The head of the Alabama Hospital Association says he’s confident the state’s hospitals will not go over capacity in dealing with COVID-19 patients.
“I’m feeling optimistic that as long as we practice social distancing, we’re going to be okay as a state,” said Dr. Donald Williamson, president and CEO of the association.
The nonprofit investigative news organization ProPublica analyzed data from Harvard University researchers and the American Hospital Association to see what kind of strain the pandemic would put on the nation’s hospital systems. ProPublica found that if 40% of Alabamians were infected with COVID-19 over a 12-month period, the hospitals in the state’s four largest cities would need about double the number of hospital beds and triple the number of ICU beds they have.
Williamson said that early in the pandemic some models predicted even more dire results, with the state being thousands of beds short.
“I didn’t believe those numbers, largely because the range of uncertainty was so great,” he said.
Williamson said that 48% of the state’s hospital beds were available, with about 35% availability for ICU beds, early last week. He also said Alabama had about 800, or 54%, of its ventilators available.

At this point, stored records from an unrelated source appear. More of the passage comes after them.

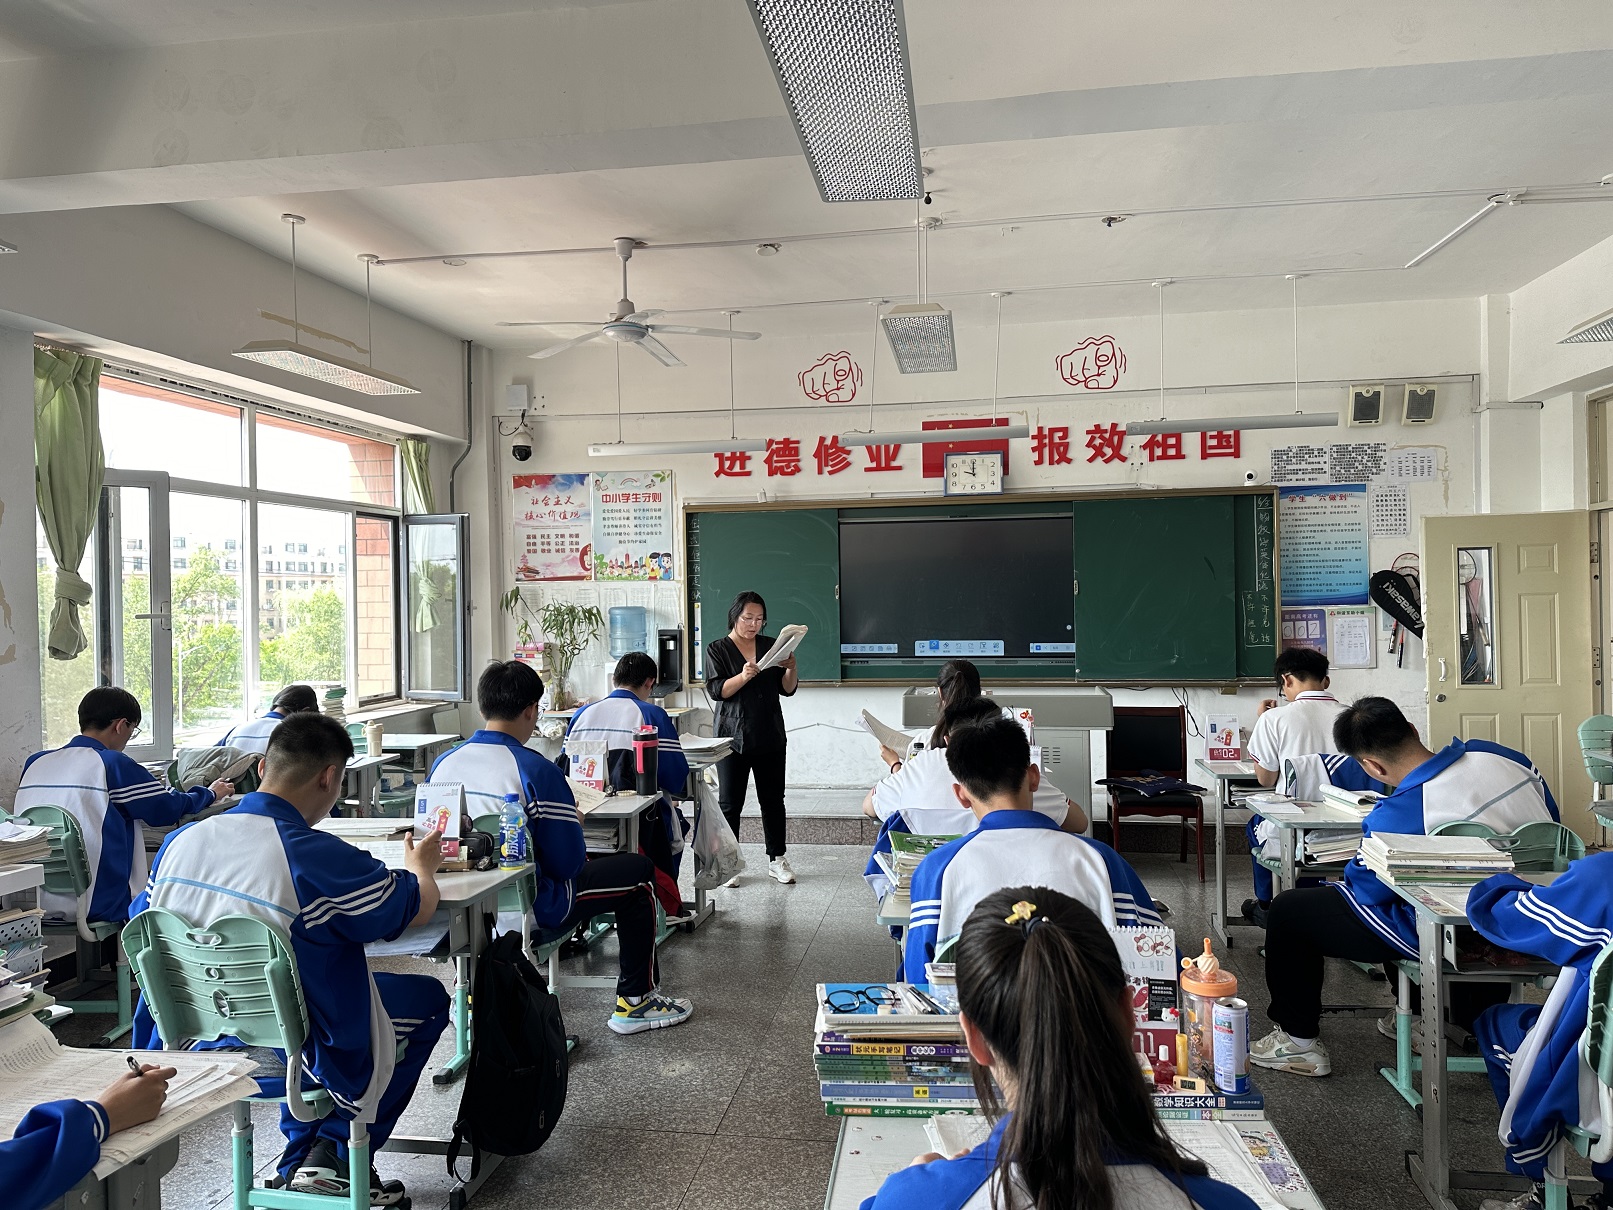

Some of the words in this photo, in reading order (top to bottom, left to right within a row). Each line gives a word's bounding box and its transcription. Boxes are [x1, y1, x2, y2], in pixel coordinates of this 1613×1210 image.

[714, 436, 902, 478] 进德修业
[1031, 422, 1241, 466] 报效祖国
[530, 495, 574, 506] 社会主义
[602, 492, 662, 503] 中小学生守则
[525, 510, 580, 522] 核心价值观
[1379, 582, 1425, 628] Kawasaki
[1154, 1097, 1215, 1107] 数学知识大全

“Hospitalization numbers are going up, but they’re not exploding,” he said.
The Alabama Department of Public Health reported Sunday that 641 people in Alabama had been hospitalized with COVID-19 since March 13. The agency said 4,888 people in the state had been diagnosed with the disease, and 157 of those had died.
The numbers cited by Williamson are more in line with those from the University of Washington’s Institute for Health Metrics and Evaluation. This model predicts that Alabama’s hospitals will likely operate under capacity, with 299 beds needed for COVID-19 patients at a peak predicted for Tuesday, April 21.

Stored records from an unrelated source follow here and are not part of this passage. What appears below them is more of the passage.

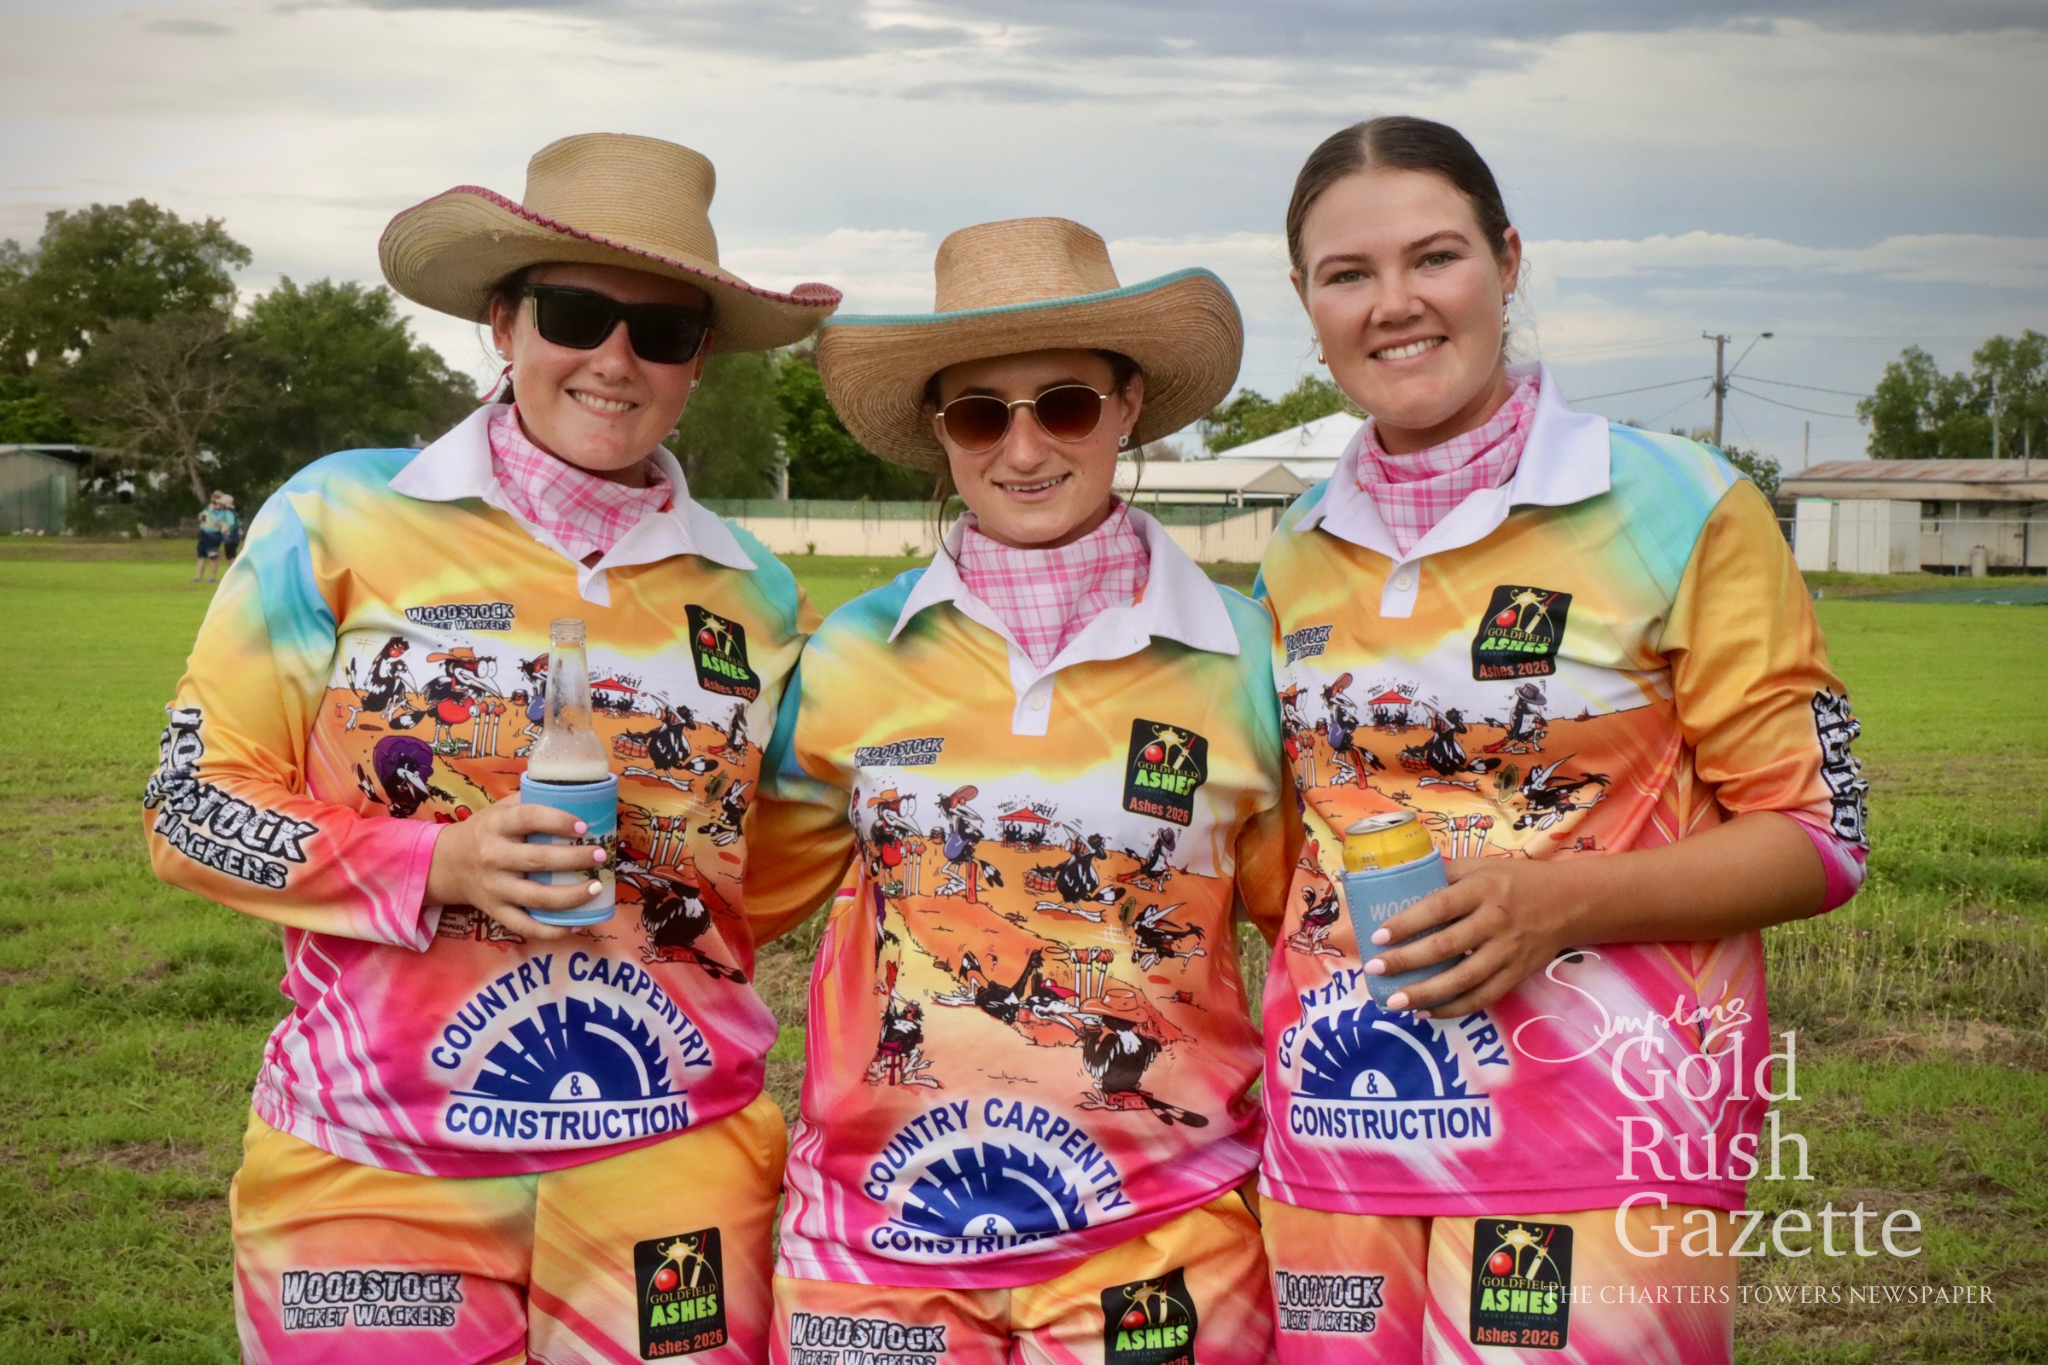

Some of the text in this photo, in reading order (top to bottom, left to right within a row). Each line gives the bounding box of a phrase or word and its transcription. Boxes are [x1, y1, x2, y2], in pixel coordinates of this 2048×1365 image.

[405, 602, 515, 622] WOODSTOCK
[455, 619, 512, 631] WACKERS
[1487, 627, 1551, 643] GOLDFIELD
[1480, 637, 1550, 655] ASHES
[702, 653, 749, 680] ASHES
[1480, 661, 1550, 678] Ashes 2026
[614, 673, 642, 689] YAH!
[704, 677, 732, 694] Ashes
[855, 737, 945, 758] WOODSTOCK
[889, 753, 937, 766] WACKERS
[1137, 760, 1199, 779] GOLDFIELD
[1134, 768, 1197, 796] ASHES
[1031, 801, 1058, 819] YAH!
[1129, 796, 1189, 823] Ashes 2026
[431, 951, 713, 1070] COUNTRY CARPENTRY
[570, 1074, 583, 1097] &
[1366, 1072, 1379, 1096] &
[445, 1101, 689, 1140] CONSTRUCTION
[1290, 1104, 1492, 1141] CONSTRUCTION
[864, 1097, 1132, 1213] COUNTRY CARPENTRY
[983, 1216, 998, 1236] &
[871, 1226, 1066, 1255] CONSTRU
[282, 1270, 464, 1306] WOODSTOCK
[650, 1283, 717, 1305] GOLDFIELD
[1275, 1270, 1385, 1309] WOODSTOCK
[1482, 1276, 1559, 1291] GOLDFIELD
[650, 1293, 718, 1327] ASHES
[1480, 1288, 1558, 1315] ASHES
[284, 1303, 456, 1330] WICKET WACKERS
[1311, 1308, 1376, 1333] WACKERS
[648, 1339, 690, 1357] Ashes
[694, 1328, 723, 1349] 2026
[791, 1313, 946, 1353] WOODSTOCK
[1115, 1325, 1189, 1352] ASHES
[1476, 1326, 1559, 1347] Ashes 2026

Even the worst predictions from the model put the beds needed at 2,840 — well below the state’s total of 5,743.
In terms of ICU beds, the University of Washington study forecasts 89 beds will be needed, also below the state’s availability of 474.
Williamson said the state’s hospitals all have built-in surge capacity and surge plans. These plans have three phases:
• Phase 1: Cancellation of all elective admissions. Williamson said all of Alabama’s hospitals have done this.
• Phase 2: Reconfiguring space or equipment to expand capacity. For example, converting a surgery recovery room into an ICU bed. Williamson said a few hospitals have had to do this, most notably East Alabama Medical Center in Opelika.
• Phase 3: Moving patients to sites off campus. Williamson said no Alabama hospital has done this yet, though there are plans in place in the event this step is needed.
Asked how rural counties with no ICU beds will cope, Williamson said he recently met with rural hospital administrators, and some of them have ventilators and are prepared to use them.
Hospitals Can Adapt
But it’s not always about equipment, he said. Some hospitals may not have a doctor qualified to treat patients with severe COVID-19 symptoms.
What hospitals can do, though, is move patients with traditional ailments to those hospitals that can’t handle the more severe COVID patients, thereby lightening the load on the institutions dealing with high COVID caseloads.
“Part of the Phase 2 surge plan can be bidirectional,” Williamson said.
Meanwhile the University of Washington model predicts the United States will need 56,831 hospital beds to deal with the pandemic, creating a shortage of nearly 3,500. In terms of ICU beds, the researchers expect a need of 15,164 — creating a shortage of 7,369.
If there is good news in the model, it’s that it has been four days since the need for hospital resources peaked in the United States, and one day since the peak in daily deaths.